▸ **Entries provided**
________
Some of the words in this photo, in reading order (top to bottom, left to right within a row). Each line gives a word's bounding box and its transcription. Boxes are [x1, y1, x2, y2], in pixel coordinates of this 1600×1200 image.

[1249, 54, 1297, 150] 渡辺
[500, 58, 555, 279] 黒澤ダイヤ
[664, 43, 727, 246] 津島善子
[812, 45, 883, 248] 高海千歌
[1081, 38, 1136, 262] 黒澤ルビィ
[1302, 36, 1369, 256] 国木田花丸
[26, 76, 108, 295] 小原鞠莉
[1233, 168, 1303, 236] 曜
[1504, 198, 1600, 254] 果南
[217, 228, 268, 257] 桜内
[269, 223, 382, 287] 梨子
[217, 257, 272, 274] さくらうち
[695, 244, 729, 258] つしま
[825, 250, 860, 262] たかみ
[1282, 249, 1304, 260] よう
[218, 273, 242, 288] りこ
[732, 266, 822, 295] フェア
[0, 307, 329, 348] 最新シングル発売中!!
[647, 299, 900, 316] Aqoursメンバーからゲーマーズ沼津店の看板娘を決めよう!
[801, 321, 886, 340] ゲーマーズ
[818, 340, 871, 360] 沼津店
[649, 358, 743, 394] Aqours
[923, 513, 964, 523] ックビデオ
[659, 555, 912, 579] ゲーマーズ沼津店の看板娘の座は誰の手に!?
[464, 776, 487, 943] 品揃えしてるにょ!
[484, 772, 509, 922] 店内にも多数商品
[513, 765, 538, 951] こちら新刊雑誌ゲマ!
________
▸ **Assigned task**
Repeat the records. Match them exactly.

▸ **Final answer**
Some of the words in this photo, in reading order (top to bottom, left to right within a row). Each line gives a word's bounding box and its transcription. Boxes are [x1, y1, x2, y2], in pixel coordinates of this 1600×1200 image.

[1249, 54, 1297, 150] 渡辺
[500, 58, 555, 279] 黒澤ダイヤ
[664, 43, 727, 246] 津島善子
[812, 45, 883, 248] 高海千歌
[1081, 38, 1136, 262] 黒澤ルビィ
[1302, 36, 1369, 256] 国木田花丸
[26, 76, 108, 295] 小原鞠莉
[1233, 168, 1303, 236] 曜
[1504, 198, 1600, 254] 果南
[217, 228, 268, 257] 桜内
[269, 223, 382, 287] 梨子
[217, 257, 272, 274] さくらうち
[695, 244, 729, 258] つしま
[825, 250, 860, 262] たかみ
[1282, 249, 1304, 260] よう
[218, 273, 242, 288] りこ
[732, 266, 822, 295] フェア
[0, 307, 329, 348] 最新シングル発売中!!
[647, 299, 900, 316] Aqoursメンバーからゲーマーズ沼津店の看板娘を決めよう!
[801, 321, 886, 340] ゲーマーズ
[818, 340, 871, 360] 沼津店
[649, 358, 743, 394] Aqours
[923, 513, 964, 523] ックビデオ
[659, 555, 912, 579] ゲーマーズ沼津店の看板娘の座は誰の手に!?
[464, 776, 487, 943] 品揃えしてるにょ!
[484, 772, 509, 922] 店内にも多数商品
[513, 765, 538, 951] こちら新刊雑誌ゲマ!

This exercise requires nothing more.